红枣微一沉吟便让丫头拿来了许久未带的七宝项圈。
项圈比大头面方便戴脱。
何况这七宝项圈原就是她最隆重的头面。
上品宝石果是有助气质提升。戴上项圈,红枣立觉得身上原本平淡无奇的衣裳似珠宝盒里衬托珠宝的丝绒一样生了质感,莫名的雍容起来。
红枣对镜微微一笑,方往东套间来。
东套间里云氏和谢尚正倚靠暖炕上闲话。
同样因为过年云氏穿了件金红银鼠皮的袍子,一身盛装,谢尚更是穿了件喜庆的宝蓝织金缎面貂鼠里的皮袄。
看红枣进来,云氏笑问道:“丰儿睡了?”
红枣嘴里答应:“睡了。”
就手在谢尚让出来的炕沿坐下。
云氏见状笑道:“趁现在有空你赶紧歪一会儿,不然交时的鞭炮一响,丰儿醒了你就睡不成了!”
一准要哭。
至此红枣才想起今晚还有鞭炮这个茬,不由得有些无语,心说不放不成吗?
她婆一惯心疼谢丰,现明知鞭炮声可能会惊吓到孙子,也只作提醒不作阻止,可见这鞭炮是放定了。

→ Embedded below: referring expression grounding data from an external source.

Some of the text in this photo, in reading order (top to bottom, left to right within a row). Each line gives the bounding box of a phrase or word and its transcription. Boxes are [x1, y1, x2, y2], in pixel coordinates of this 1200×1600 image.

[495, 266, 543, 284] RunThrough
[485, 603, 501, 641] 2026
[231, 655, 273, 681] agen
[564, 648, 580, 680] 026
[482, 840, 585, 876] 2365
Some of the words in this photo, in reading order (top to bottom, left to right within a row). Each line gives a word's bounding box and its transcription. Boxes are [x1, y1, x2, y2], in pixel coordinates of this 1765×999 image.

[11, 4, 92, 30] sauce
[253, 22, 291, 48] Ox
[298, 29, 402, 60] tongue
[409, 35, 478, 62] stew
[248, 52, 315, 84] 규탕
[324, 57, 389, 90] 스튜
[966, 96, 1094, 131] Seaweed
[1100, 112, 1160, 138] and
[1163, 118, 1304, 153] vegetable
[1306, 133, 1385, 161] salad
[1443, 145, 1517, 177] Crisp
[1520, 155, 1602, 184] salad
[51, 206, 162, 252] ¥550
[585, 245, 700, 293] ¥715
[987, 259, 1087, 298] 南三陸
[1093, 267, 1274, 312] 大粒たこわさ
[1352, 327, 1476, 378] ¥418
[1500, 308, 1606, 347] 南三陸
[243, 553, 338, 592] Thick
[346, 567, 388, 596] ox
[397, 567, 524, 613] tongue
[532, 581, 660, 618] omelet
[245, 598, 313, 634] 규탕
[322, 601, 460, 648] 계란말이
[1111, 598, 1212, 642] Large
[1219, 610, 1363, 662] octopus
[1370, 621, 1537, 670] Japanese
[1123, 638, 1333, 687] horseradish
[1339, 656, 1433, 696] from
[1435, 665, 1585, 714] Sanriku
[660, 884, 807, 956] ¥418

红枣看向谢尚,谢尚笑道:“丰儿现不足百日,不宜出屋。但等明年我抱着他放,他知道怎么回事了,就不怕了!”
红枣……
眼见谢尚就没把这爆竹声当回事,红枣只能自己勉力笑道:“丰儿打出生还没听过大点的响,这炮能只在外院放吗?”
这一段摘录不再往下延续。